The odd fact is we spend billions of research dollars & euros into treating mental illnesses with drugs, but not much effort goes into understanding the science of happiness or mental well-being. This fact alone compels me to write about the subject.

The title of this article is in itself revealing – “how to find happiness within yourself” suggests from the outset that you should look for happiness within yourself and that happiness is general to be found within. This is also a very curious thing to me. Why are we always trying to find happiness in all kinds of places but hardly ever attempt to find happiness within?

Harry is 67. He lost his wife to cancer almost three years ago now. He saw his daughter pass through a marriage breakdown and divorce.
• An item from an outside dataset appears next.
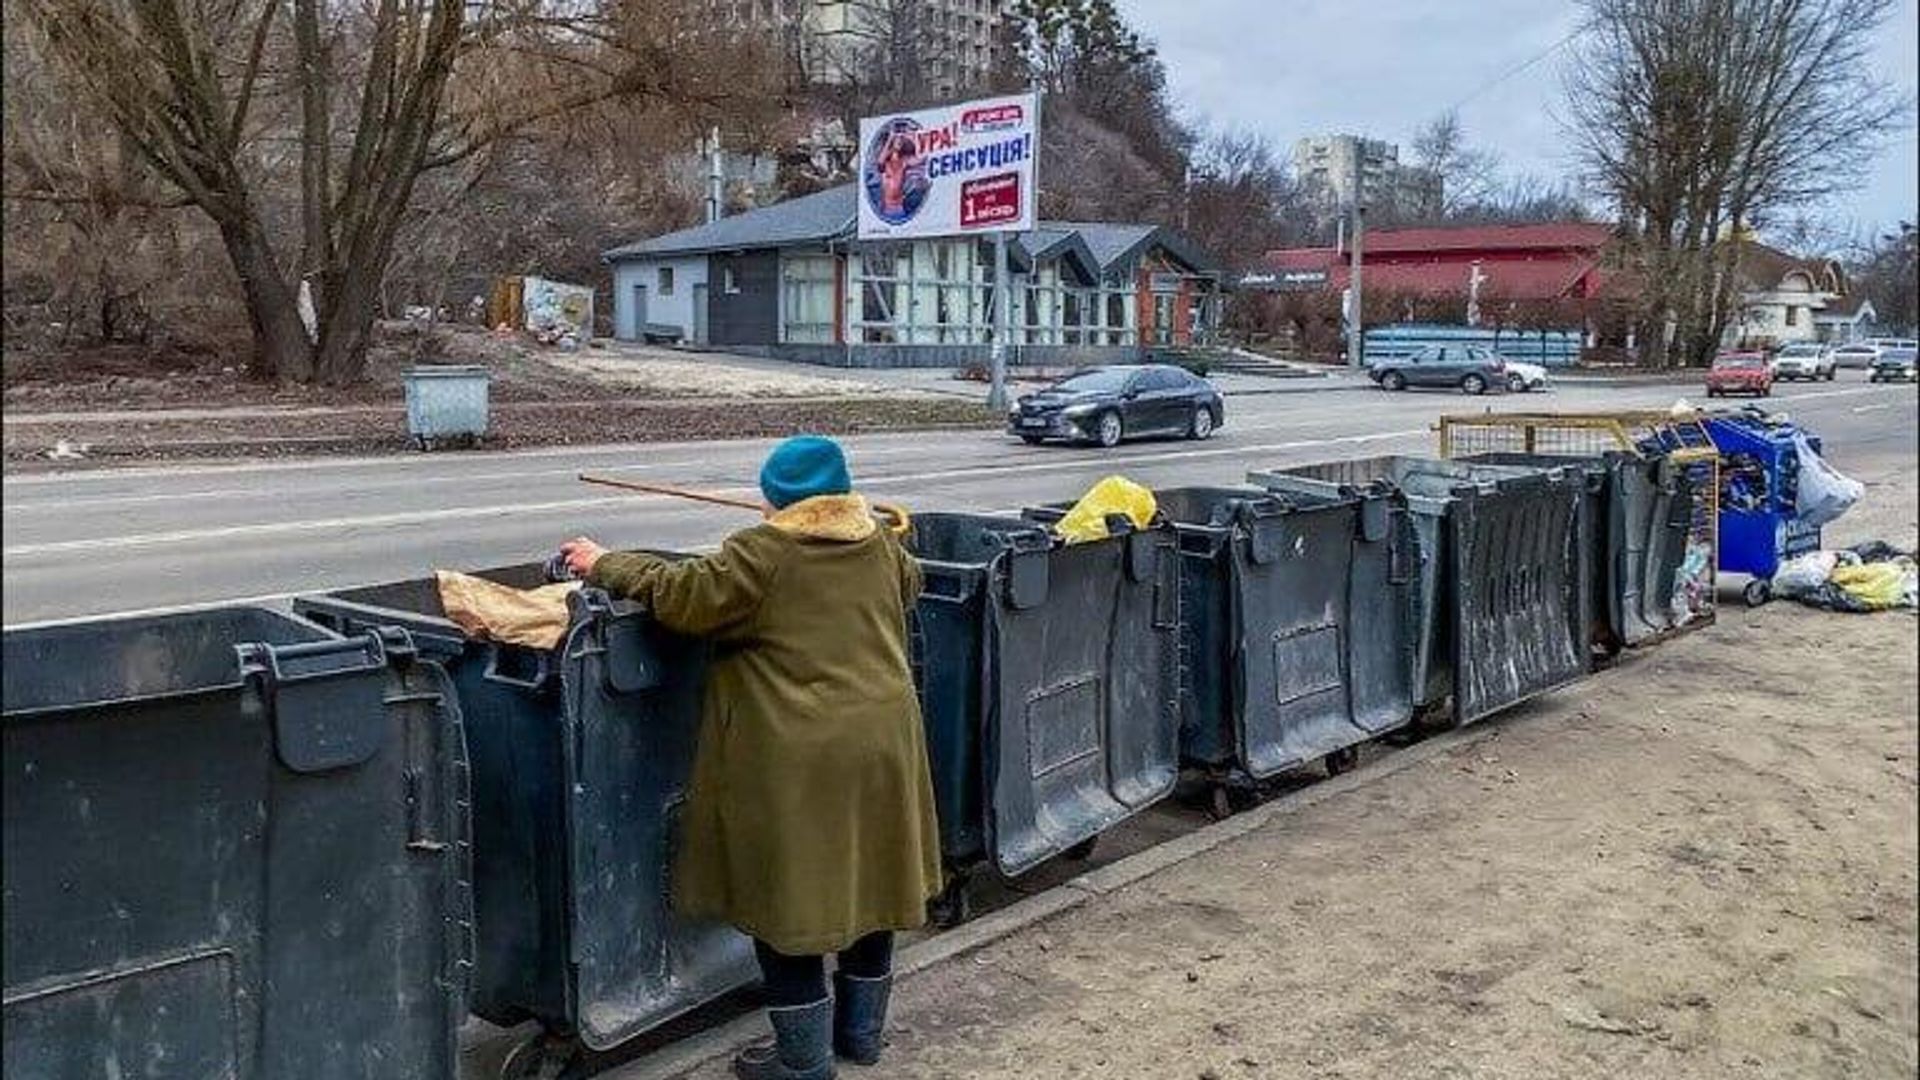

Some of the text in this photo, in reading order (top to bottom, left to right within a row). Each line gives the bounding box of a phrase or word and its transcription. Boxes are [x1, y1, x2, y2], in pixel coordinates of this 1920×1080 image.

[917, 121, 958, 153] УРА!
[928, 132, 1031, 179] СЕНСАЦІЯ!
[965, 197, 976, 221] 1
He hardly gets to see his grandchildren because his daughter moved to another city after her divorce. He misses the fishing trips with his brother Joe who also passed away recently. He is relating less and less to a changing hostile world where he is constantly reminded he is an unwanted burden.

Yet there is one major twist to the story. Harry is happy, radiantly happy. How can this happen? I mean if there are people who have passed through all sorts of heartbreaking episodes and hardships but are happy, what’s their story? Conversely, if there are people (and lots of them) who have acquired all sorts of merit, possessions, and good fortune yet is deeply unhappy, what does this say about finding happiness?

Finding happiness by losing old mental models:

One major flaw in the way we live our lives is that we have learned how to be unhappy rather than how to be happy. We have built certain mental models of our reality and these limit us or lead us astray from finding real happiness. Naturally this leads us to the understanding that finding happiness requires us to unlearn certain things and look for it in different pathways. It requires us to look into flaws in our belief system and change them.

One of these mental models we adopt is the belief that we need to reach a certain goal or outcome to be happy, the so-called ‘if-then model’ (if this happens then I will be happy). For example that we should get a better income, financial freedom, recognition of our work, sexier bodies, satisfying relationships and so on. It’s always something around the corner which needs to happen first before we reach happiness.

I know you have many times got to the realization yourself that it just doesn’t work that way. Once you reach that corner there is always another corner to reach. Happiness is not found in anything outside ourselves. We already have all the material at hand to be happy. It’s a matter of shifting our perspective and beliefs completely.

Some mental models to take note of and debunk:

• Happiness is the pleasure: No. Pleasure is instant gratification – physical or mental. Happiness is knowing that you are where you should be or accepting that you are not and doing your best while you’re there.

• Happiness is comfort or security: We live most of our lives in constant security threats – our jobs, our children out at night, our health, etc. The truth is that security or lack of it is based on perception. Happiness is living well in a very unstable world.

• I don’t deserve happiness: Yeah, says who? Another human quirk – self-inflicted limitation. Happiness is for everyone, wherever you come from, whatever you did and no matter what’s your idea. Happiness is open-source.

• It’s impossible to find happiness in this world: Another example of self-limiting beliefs. Wrong. Happiness is as possible to find as unhappiness.

• People who reached their goals are invariably happy: Again, says who? People who reached their goals are not happy because they reached their goals. On the contrary, some are eternally dissatisfied and keep on seeking, other goals in life – a real source of unhappiness. But yes some people found happiness while reaching those goals since they were living their true purpose and enjoying every moment of it. Their eyes were on the doing and not on the reaching.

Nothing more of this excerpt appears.